Foundational Generative AI models excel in crafting text responses derived from extensive language models (LLMs). These LLMs are trained using a vast array of data points, but the information utilized to produce these responses is restricted to the training data, which usually consists of a generic LLM. The data in the LLM might be outdated by weeks, months, or even years. Furthermore, it may not encompass specific details about a company's products or services when used in a corporate AI chatbot. This limitation can undermine trust in the technology among customers or employees, making it challenging to directly implement within the organization.

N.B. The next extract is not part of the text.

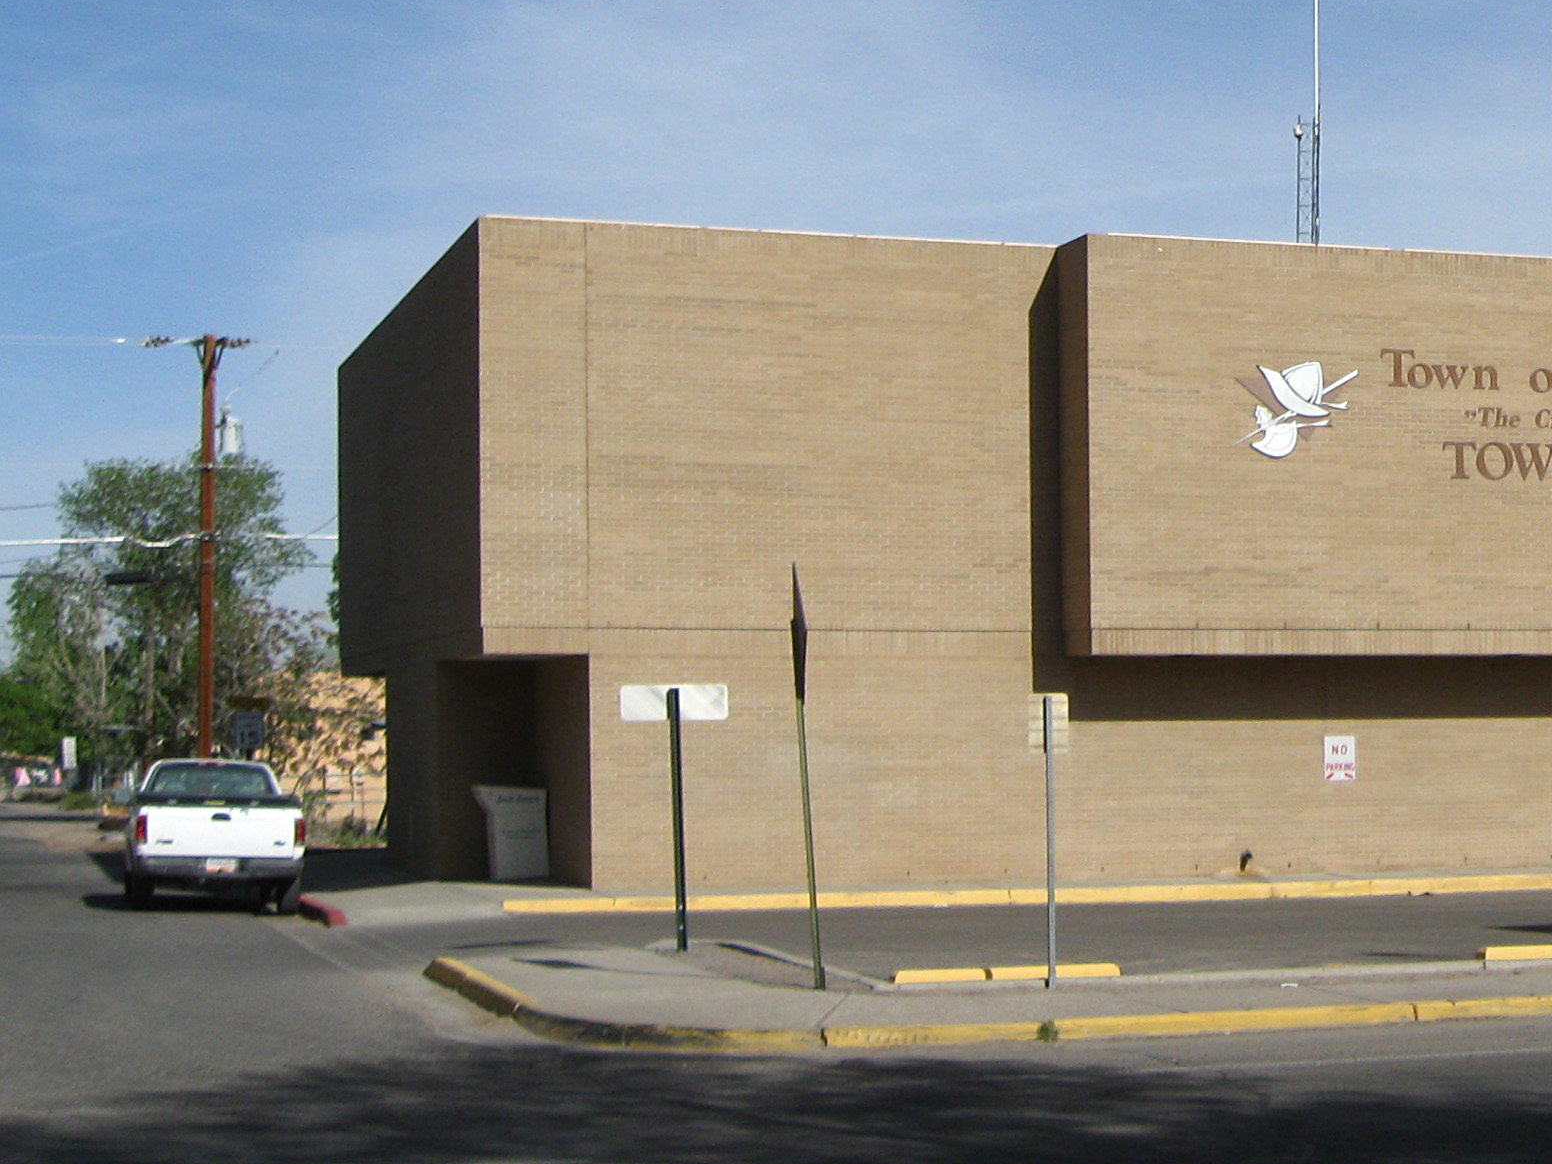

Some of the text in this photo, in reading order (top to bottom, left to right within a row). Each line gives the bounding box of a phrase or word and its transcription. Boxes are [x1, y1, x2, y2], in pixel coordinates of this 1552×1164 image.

[1380, 348, 1499, 390] Town
[1332, 745, 1347, 755] NO
[1326, 763, 1355, 771] PARKING

RAG allows to bypass the limitations of foundational LLMs by referencing an authoritative knowledge base outside of its training data sources before generating a response, hence optimizing the output. So how does it actually work?
RAG infuses the LLM with precise, up-to-date information without modifying the core architecture of the model. This infusion of targeted data ensures that the information is highly relevant to a specific organization or industry as well as guaranteeing that the AI's responses are rooted in the latest knowledge available. As a result, the model can deliver responses that are not only contextually accurate but also informed by the most current insights.

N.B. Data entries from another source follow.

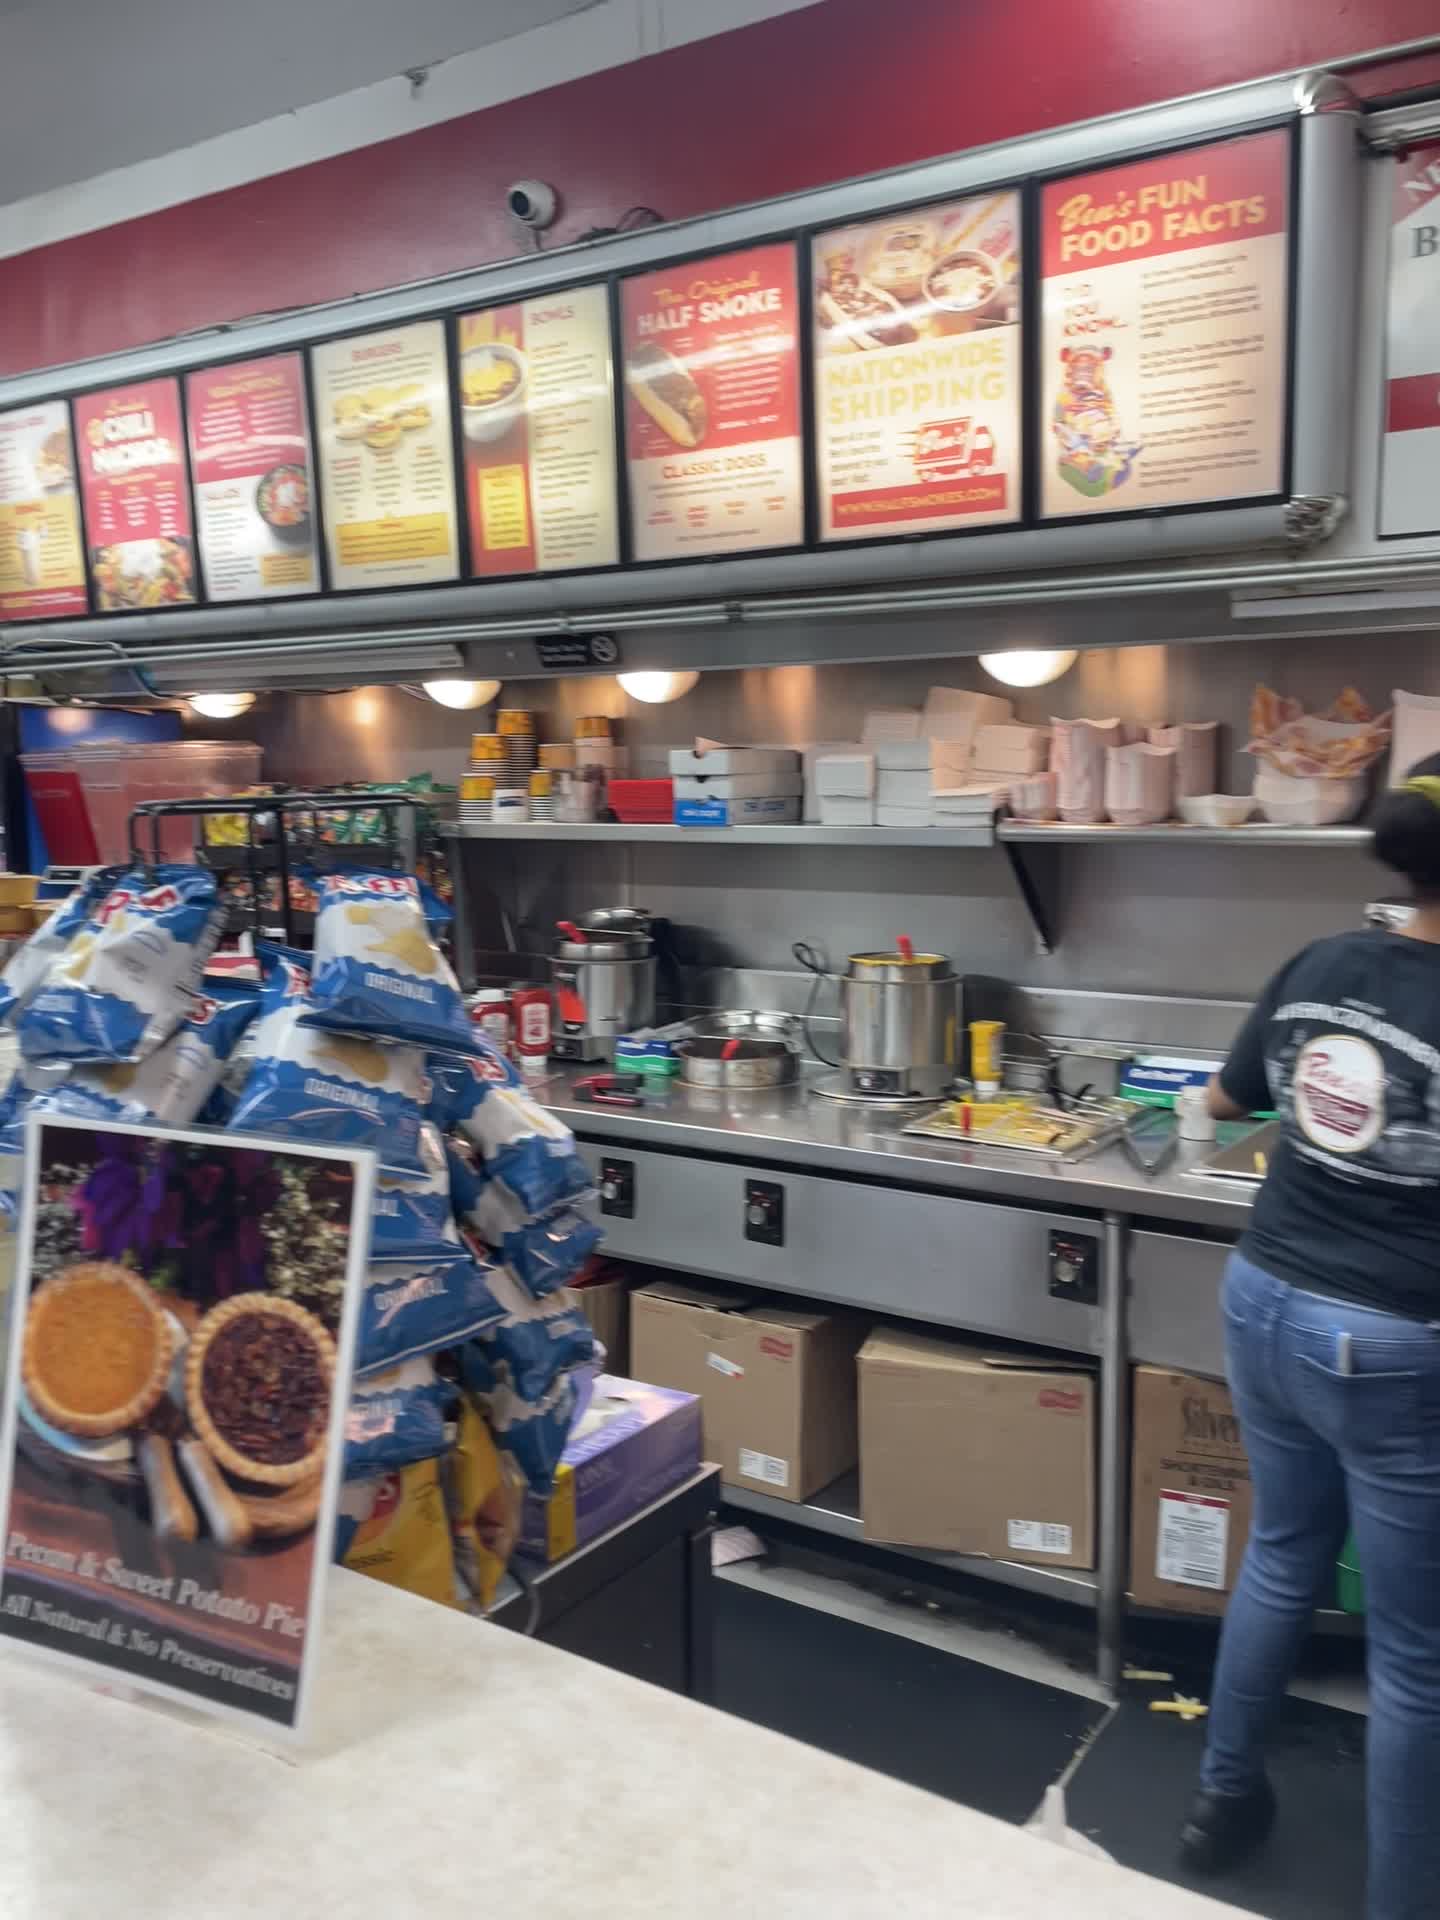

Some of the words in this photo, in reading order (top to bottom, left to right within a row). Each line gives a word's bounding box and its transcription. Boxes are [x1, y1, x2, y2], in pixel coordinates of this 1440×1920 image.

[1056, 191, 1136, 232] Ben's
[1138, 175, 1208, 214] FUN
[1061, 219, 1152, 262] FOOD
[1162, 195, 1267, 241] FACTS
[637, 303, 696, 335] HALF
[698, 286, 782, 324] SMOKE
[827, 336, 1006, 387] NATIONWIDE
[828, 371, 1006, 425] SHIPPING
[6, 1531, 76, 1574] Pecan
[102, 1557, 173, 1601] Sweet
[176, 1578, 261, 1625] Potato
[262, 1602, 305, 1638] Pie
[29, 1601, 111, 1641] Natural
[128, 1629, 160, 1658] No
[159, 1639, 296, 1701] Preservatives

Create a knowledge library as a vector store
Organization’s intranet contains a diverse array of information assets, including structured data in databases, unstructured documents such as PDFs, blog posts, news articles, and transcripts from previous customer service interactions. This extensive and ever-evolving collection of data is converted into a standardized format and compiled into a centralized repository known as a knowledge library.

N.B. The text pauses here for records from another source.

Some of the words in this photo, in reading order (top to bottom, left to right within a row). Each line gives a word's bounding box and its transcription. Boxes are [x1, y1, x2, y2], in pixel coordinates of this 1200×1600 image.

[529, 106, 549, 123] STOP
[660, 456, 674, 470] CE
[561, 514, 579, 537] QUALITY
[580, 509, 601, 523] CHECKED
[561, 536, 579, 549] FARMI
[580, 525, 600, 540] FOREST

To facilitate the AI's understanding and utilization of this data, the contents of the knowledge library are transformed into numerical form through the application of a sophisticated algorithm known as an embedded language model. These numerical representations, or embeddings, are then stored within a vector database designed to be readily accessible to the generative AI, enabling it to draw upon a wealth of information.
Information retrieval
User query is converted into the same kind of vector and used for relevancy search. If an employee searches “What is a retrieval augmented generation framework” the system will retrieve this specific article alongside other technical documentations. All these documents will be returned because they are highly relevant to what the user has asked initially.
Augment the LLM prompt
The RAG model employs the technique of prompt engineering to integrate the user's question and the relevant retrieved document into a single prompt. This amalgamated prompt is then conveyed to the Large Language Model (LLM). By doing so, the enhanced prompt empowers the Large Language Model to generate precise responses to user queries.
As a leading consulting firm, fifty-five offer a comprehensive range of services aimed at helping you maximize the potential of generative AI services. These services include:
We are dedicated to providing support for organizations keen on developing their own bespoke generative AI solutions. We are committed to accelerating your RAG implementation process, enabling you to reap the benefits of this advanced technology more swiftly.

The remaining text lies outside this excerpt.